On 22/07/16 09:45, Lars Behrens wrote:
> Am 22.07.2016 um 01:11 schrieb David Sommerseth:
>
>> Have a look at authconfig and sssd. The former should help configure
>> all these things for you, including proper PAM setup as well as LDAP and
>> Kerberos. For SSSD it is in particular helpful on laptops, where
>> authentication data can be cached locally to be capable of offline
>> authentication as well as caching enough information to automatically
>> fetch a Kerberos ticket once the network access has been established.
>
> I already had been using authconfig for sssd setup. Authentication (via
> AD/ldap) and caching works well. I only need per user mounting of their
> AD-directories and hadn't found a hint in the authconfig man page.
>
>> And SSSD do have some support for handling the autofs/automount stuff too.
>
> Ok, that seems the way to go. Through your tip I now found that there is
> an autofs/automount via "ldap_autofs_*" in sssd. Let's see if I get this
> set up.
>
>> Otherwise, do have a look at the FreeIPA stuff too. There's a lot of
>> good things in that package, which also doesn't require much resources
>> on the server side. For clients, it gets even easier. You just need to
>> install the proper IPA packages and run ipa-server-install or
>> ipa-client-install, that's mostly all you need. FreeIPA also makes use
>> of SSSD and authconfig under the hood.
>
> Yeah, looks like good thing but afaics I would have to set up a server
> for that. I think at first I have to get comfy with the basics in the
> "red hatted" world (I am coming from a debianic and SUSE background).
>
> Thank you for your hints!
As you seem to also use AD, you might be pleased to know that it is
possible to integrate AD and FreeIPA. IIRC, one of the new features in
EL7.2 was also "one way trust" in addition to the "full trust" available
in earlier versions of FreeIPA.
This means that AD users gets access to machines enrolled in IPA,
according to configured policies.
And the automount/autofs stuff is also very easily configured in IPA too.

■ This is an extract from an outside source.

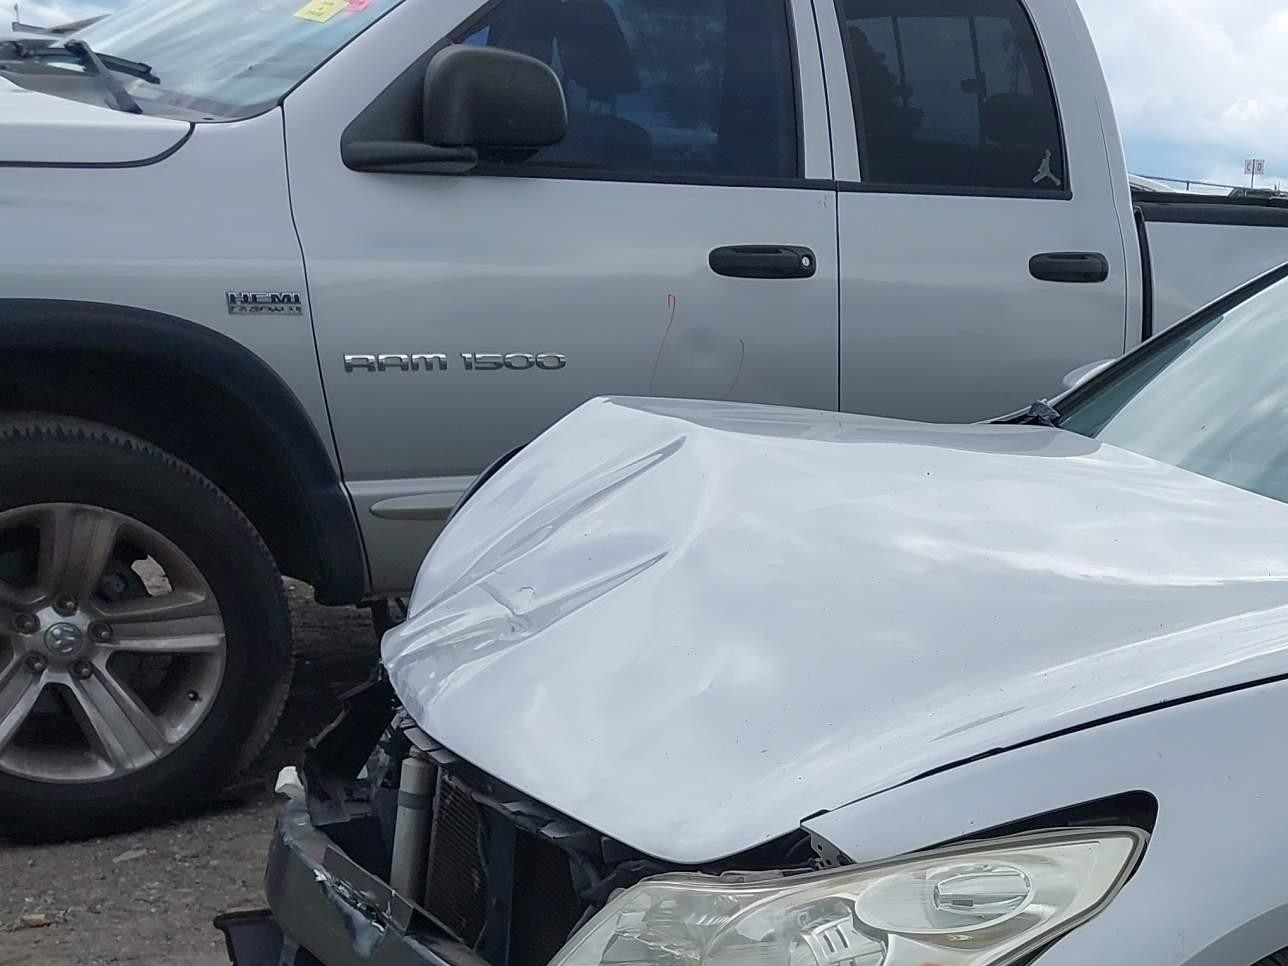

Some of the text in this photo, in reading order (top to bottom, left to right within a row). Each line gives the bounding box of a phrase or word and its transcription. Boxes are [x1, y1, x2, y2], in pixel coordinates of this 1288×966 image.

A final note on setting up FreeIPA on SL7:
* server side
yum install ipa-server
ipa-server-install # see --help for several useful options
# wait for install script to complete
# done
Now you can log into the web admin UI by accessing the servers host name
from a browser.
* client side
yum install ipa-client
ipa-client-install
# wait for install script to complete
# done
I'll admit that I have never installed and configured IPA together with
AD, but the demos I have seen on several conferences have not been
really scary. If you setup IPA to use external DNS servers, you might
need to add a few entries there, but it might also be that the AD
integration does a lot of it for you too.
You may very well also install IPA server on an existing server, if that
would work with your sys-admin policies. The IPA server does not
require too much resources at all, neither RAM, CPU nor disk.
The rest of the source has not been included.